I see this conclusion as a mistake: being surprised is a way of translating between intuition and explicit probability estimates. If you are not surprised, you should assign high enough probability, and otherwise if you assign tiny probability, you should be surprised (modulo known mistakes in either representation).

That's not true at all. Before I'm dealt a bridge hand, my probability assignment for getting the hand J♠, 8♣, 6♠, Q♡, 5♣, Q♢, Q♣, 5♡, 3♡, J♣, J♡, 2♡, 7♢ in that order would be one in 3,954,242,643,911,239,680,000. But I wouldn't be the least bit surprised to get it.

In the terminology of statistical mechanics, I guess surprise isn't caused by low-probability microstates ― it's caused by low-probability macrostates. (I'd have been very surprised if that were a full suit in order, despite the fact that a priori that has the same probability.) What you define as a macrostate is to some extent arbitrary. In the case of bridge, you'd probably divide up hands into classes based on their utility in bridge, and be surprised only if you get an unlikely type of hand.

In this case, I'd probably divide the outcomes up into macrostates like "red", "some other bright color like green or blue", "some other common color like brown", "a weird color like grayish-pink", and "something other than a solid-colored ball, or something I failed to even think of". Each macrostate would have a pretty high probability (including the last: who knows what Omega's up to?), so I wouldn't be surprised at any outcome.

This is an off-the-cuff analysis, and maybe I'm missing something, but the idea that any low-probability event should be surprising certainly can't be correct.

Huh. Do you need me to post a few dozen links to articles detailing incidents where Mormons did evil acts because of their religious beliefs? I mean, Mormonism isn't as inherently destructive as Islam, but it's not Buddhism either.

Do you have empirical evidence that Mormons are more likely to cause harm than atheists? (Let's say in the clear-cut sense of stabbing people instead of in the sense of spreading irrationality.) Mormons might do more bad things because their god requires it, but atheists might do more bad things because they don't have a god to require otherwise. They might be more likely to become nihilists or solipsists and not care about other people, say, acting purely selfishly. A priori, I have no idea which one is correct.

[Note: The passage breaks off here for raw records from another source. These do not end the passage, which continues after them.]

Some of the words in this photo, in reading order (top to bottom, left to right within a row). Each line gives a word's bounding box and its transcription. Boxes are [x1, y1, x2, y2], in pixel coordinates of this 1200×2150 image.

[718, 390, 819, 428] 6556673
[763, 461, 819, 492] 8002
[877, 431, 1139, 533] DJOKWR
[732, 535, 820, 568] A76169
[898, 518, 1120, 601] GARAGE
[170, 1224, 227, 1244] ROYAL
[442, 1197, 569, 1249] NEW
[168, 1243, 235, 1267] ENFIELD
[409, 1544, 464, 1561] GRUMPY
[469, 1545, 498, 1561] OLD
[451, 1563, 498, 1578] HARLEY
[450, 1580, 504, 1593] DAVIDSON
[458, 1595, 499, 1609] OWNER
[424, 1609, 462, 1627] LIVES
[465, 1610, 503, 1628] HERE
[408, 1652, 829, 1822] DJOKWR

It seems that as a rationalist, you should be wary of assigning high probabilities here without direct empirical evidence. Especially since you presumably suffer from in-group bias. But perhaps you're aware of studies that support your view that religion is harmful in a simple sense?

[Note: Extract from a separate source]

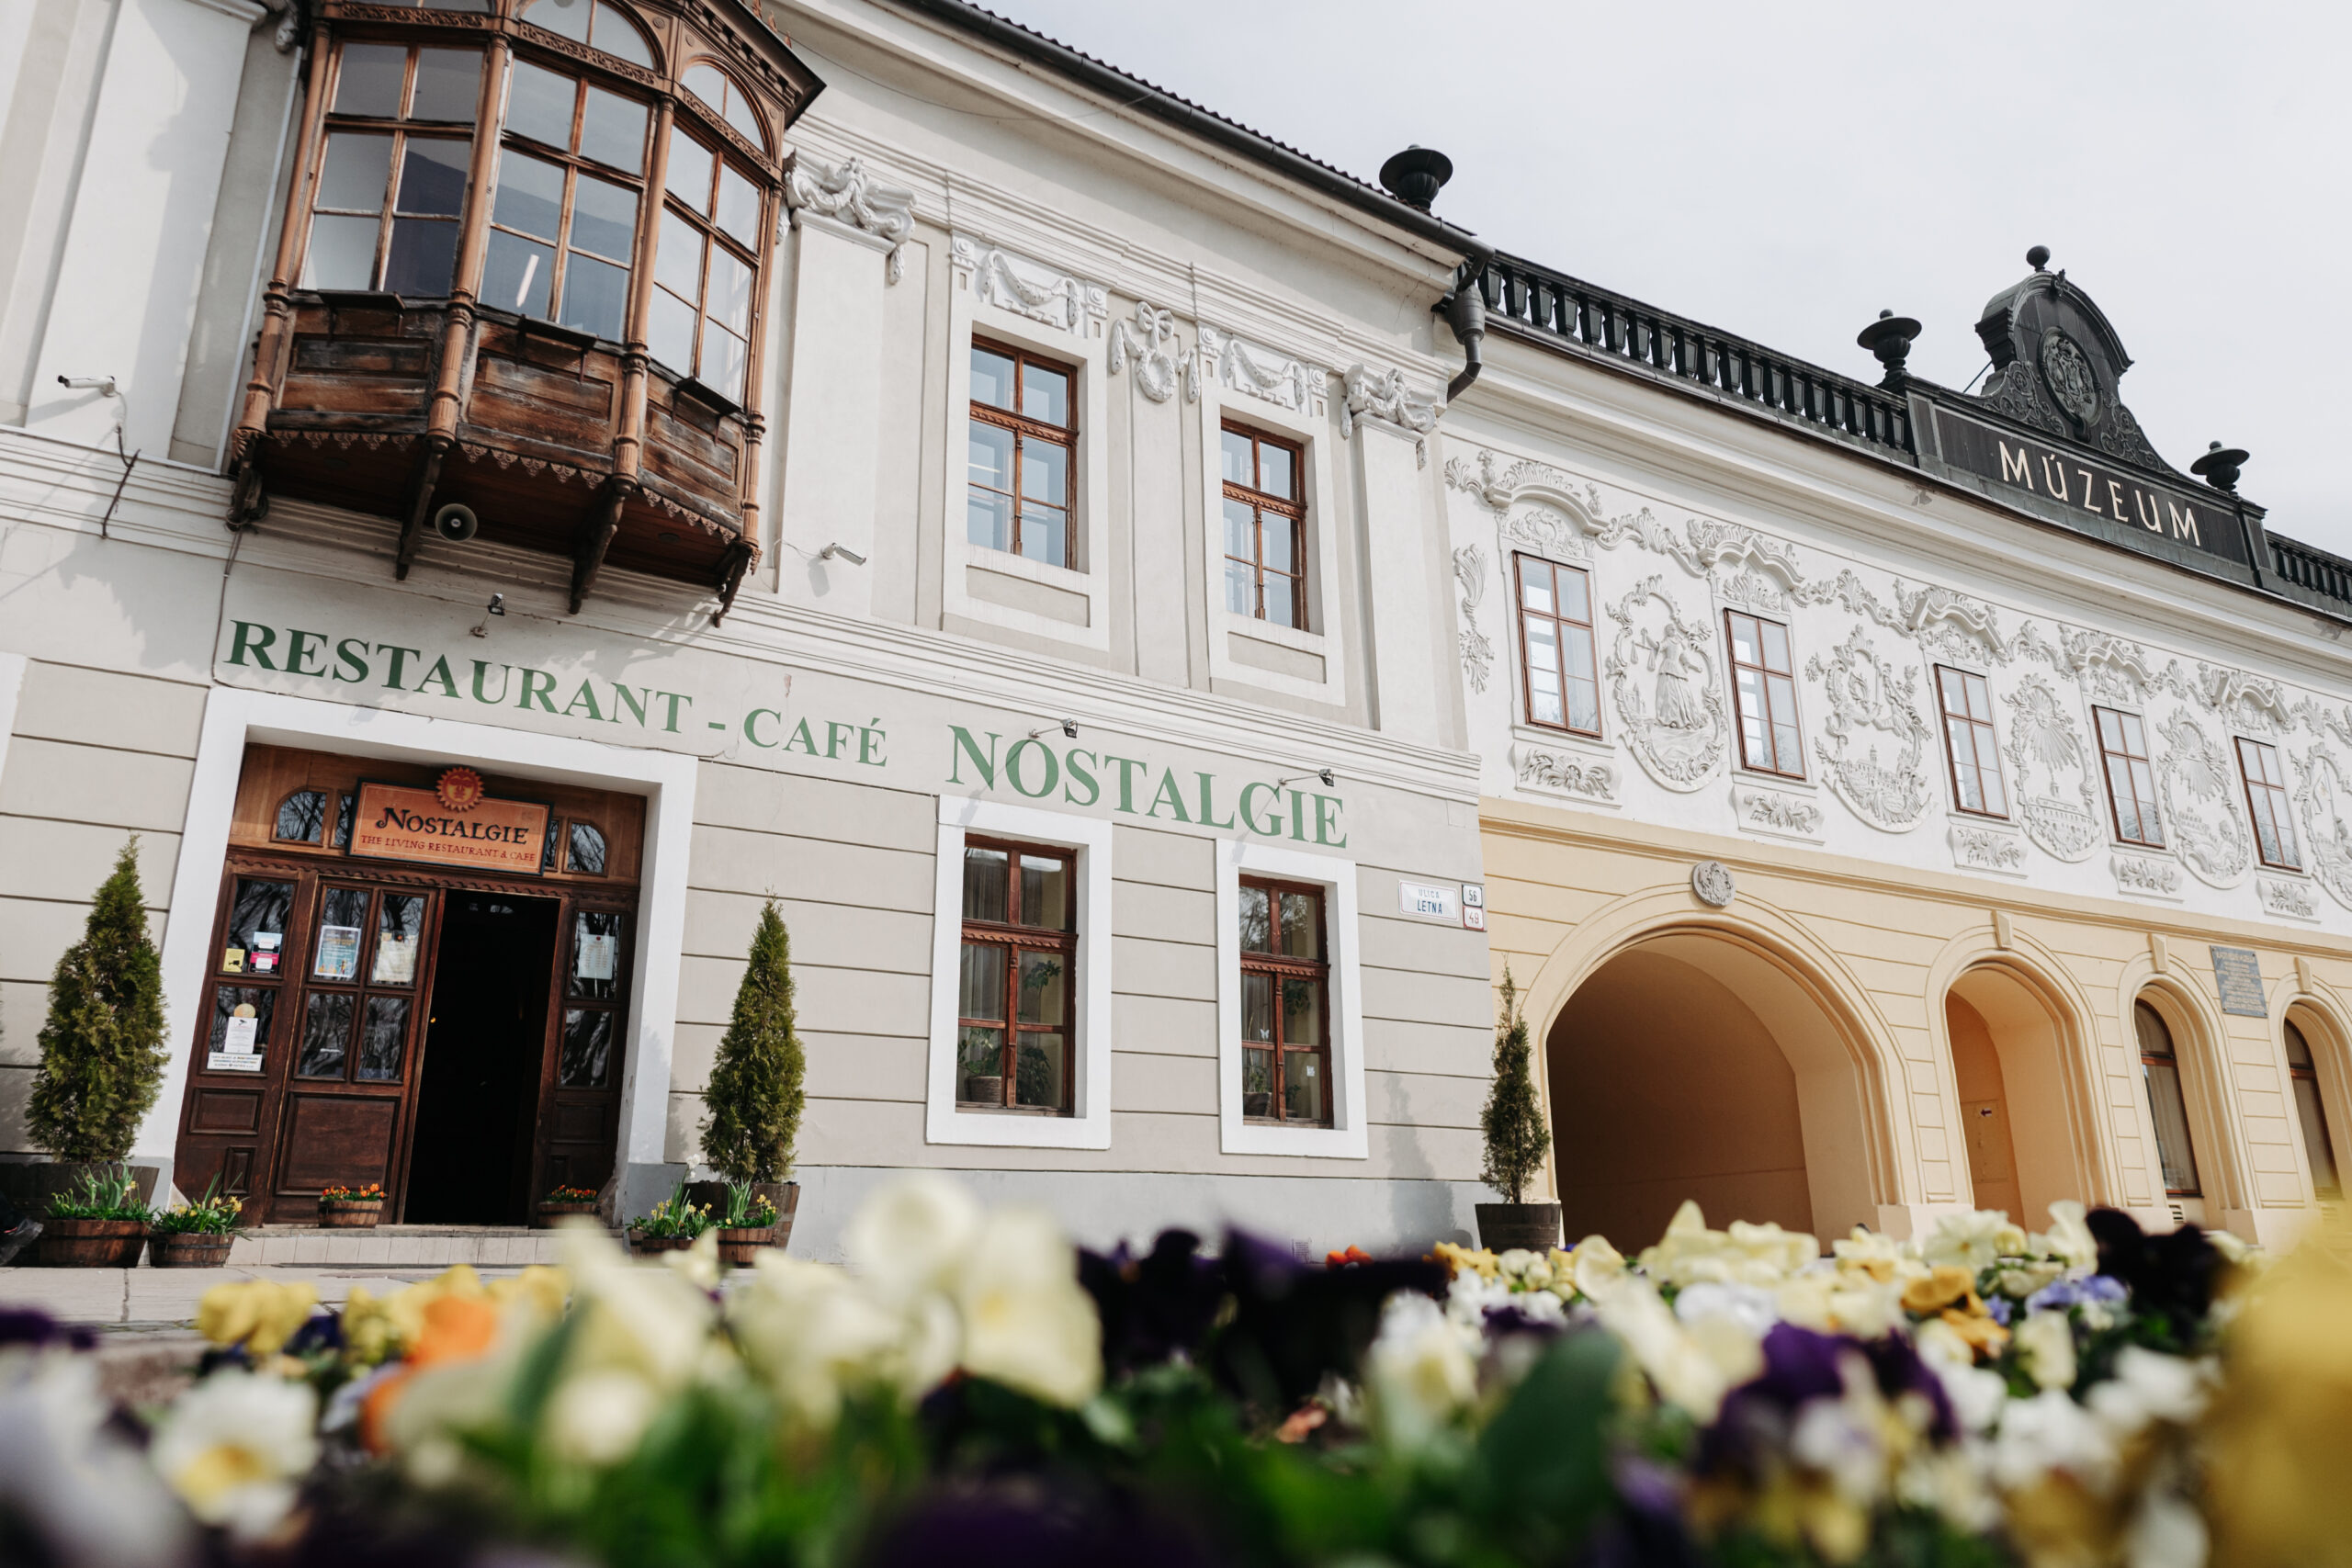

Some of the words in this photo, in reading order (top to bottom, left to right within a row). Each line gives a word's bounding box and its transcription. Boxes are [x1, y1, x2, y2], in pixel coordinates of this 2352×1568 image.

(If you consider spreading religion inherently evil, then you have more reason to presume that Mormonism is harmful. You would still have to argue that the harm outweighs any possible benefit, but you'd have a stronger case for assuming that. However, by your comparisons to Islam and Buddhism you seem to mean plain old violence and so forth.)

If the question is "Should Wednesday, while not exactly choosing to believe religion, avoid thinking about it too hard because she thinks doing so will make her an atheist?," then she's already an atheist on some level because she thinks knowing more will make her more atheist, which implies atheism is true. This reduces to the case of deception, which you seem to be against unconditionally.

That's not necessarily true. Perhaps she believes Mormonism is almost certainly right, but acknowledges that she's not fully rational and might be misled if she read too many arguments against it. Most Christians believe in the idea that God (or Satan) tempts people to sin, and that avoiding temptation is a useful tactic to avoid sin. Kind of like avoiding stores where candy is on display if you're trying to lose weight, say. You know what's right in advance, but you're afraid of losing resolve.

Certainly whatever your beliefs, some people who disagree with you are sufficiently charismatic and good at rhetoric that they might persuade you if you give them the chance. (Well, for most of us, anyway.) How many atheist Less Wrongers would be able to withstand lengthy debate with very talented missionaries? Some, certainly. Most, probably. All? I doubt it.

Overall, though, an excellent response, and I agree with almost all the rest of it.